* What you should do *
Everything from the line holding "this 1853×1352 image." through the final line of the entries below is to be duplicated exactly, and nothing outside that span.
····················
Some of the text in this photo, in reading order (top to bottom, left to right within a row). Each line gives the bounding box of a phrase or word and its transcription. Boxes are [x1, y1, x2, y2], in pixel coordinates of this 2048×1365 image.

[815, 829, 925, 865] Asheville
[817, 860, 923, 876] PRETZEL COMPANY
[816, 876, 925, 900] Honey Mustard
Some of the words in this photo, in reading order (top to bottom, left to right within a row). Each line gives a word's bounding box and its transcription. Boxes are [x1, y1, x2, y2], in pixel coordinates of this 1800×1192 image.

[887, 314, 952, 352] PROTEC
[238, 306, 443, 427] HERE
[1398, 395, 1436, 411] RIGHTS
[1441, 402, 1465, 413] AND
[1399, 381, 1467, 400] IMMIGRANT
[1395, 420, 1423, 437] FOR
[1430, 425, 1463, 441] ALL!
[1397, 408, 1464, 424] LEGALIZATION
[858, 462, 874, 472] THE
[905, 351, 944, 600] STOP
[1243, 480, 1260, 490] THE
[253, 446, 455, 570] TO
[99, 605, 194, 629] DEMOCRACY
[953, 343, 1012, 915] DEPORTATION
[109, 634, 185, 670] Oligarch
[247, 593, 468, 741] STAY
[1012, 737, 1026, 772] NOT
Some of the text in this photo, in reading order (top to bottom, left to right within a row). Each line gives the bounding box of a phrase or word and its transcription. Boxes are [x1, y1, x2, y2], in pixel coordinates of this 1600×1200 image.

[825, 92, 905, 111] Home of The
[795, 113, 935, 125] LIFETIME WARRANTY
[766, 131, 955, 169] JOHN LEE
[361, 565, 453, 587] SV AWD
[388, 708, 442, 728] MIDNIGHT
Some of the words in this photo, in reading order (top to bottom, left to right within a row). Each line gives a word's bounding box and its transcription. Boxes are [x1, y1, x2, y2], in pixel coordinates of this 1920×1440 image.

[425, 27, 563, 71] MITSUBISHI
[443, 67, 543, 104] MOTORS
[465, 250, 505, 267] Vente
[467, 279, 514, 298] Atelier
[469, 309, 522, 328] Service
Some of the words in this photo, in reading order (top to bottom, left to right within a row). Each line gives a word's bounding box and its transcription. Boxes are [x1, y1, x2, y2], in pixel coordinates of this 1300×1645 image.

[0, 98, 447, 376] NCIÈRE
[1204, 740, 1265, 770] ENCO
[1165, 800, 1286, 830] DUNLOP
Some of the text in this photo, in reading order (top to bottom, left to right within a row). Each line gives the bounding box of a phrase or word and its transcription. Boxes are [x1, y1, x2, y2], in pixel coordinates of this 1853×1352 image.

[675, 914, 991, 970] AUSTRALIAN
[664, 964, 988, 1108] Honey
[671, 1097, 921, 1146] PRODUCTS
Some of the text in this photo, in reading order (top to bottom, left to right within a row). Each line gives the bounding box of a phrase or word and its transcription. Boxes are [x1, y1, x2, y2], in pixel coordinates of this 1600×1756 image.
····················
* Written reply *
Some of the text in this photo, in reading order (top to bottom, left to right within a row). Each line gives the bounding box of a phrase or word and its transcription. Boxes are [x1, y1, x2, y2], in pixel coordinates of this 1853×1352 image.

[675, 914, 991, 970] AUSTRALIAN
[664, 964, 988, 1108] Honey
[671, 1097, 921, 1146] PRODUCTS
Some of the text in this photo, in reading order (top to bottom, left to right within a row). Each line gives the bounding box of a phrase or word and its transcription. Boxes are [x1, y1, x2, y2], in pixel coordinates of this 1600×1756 image.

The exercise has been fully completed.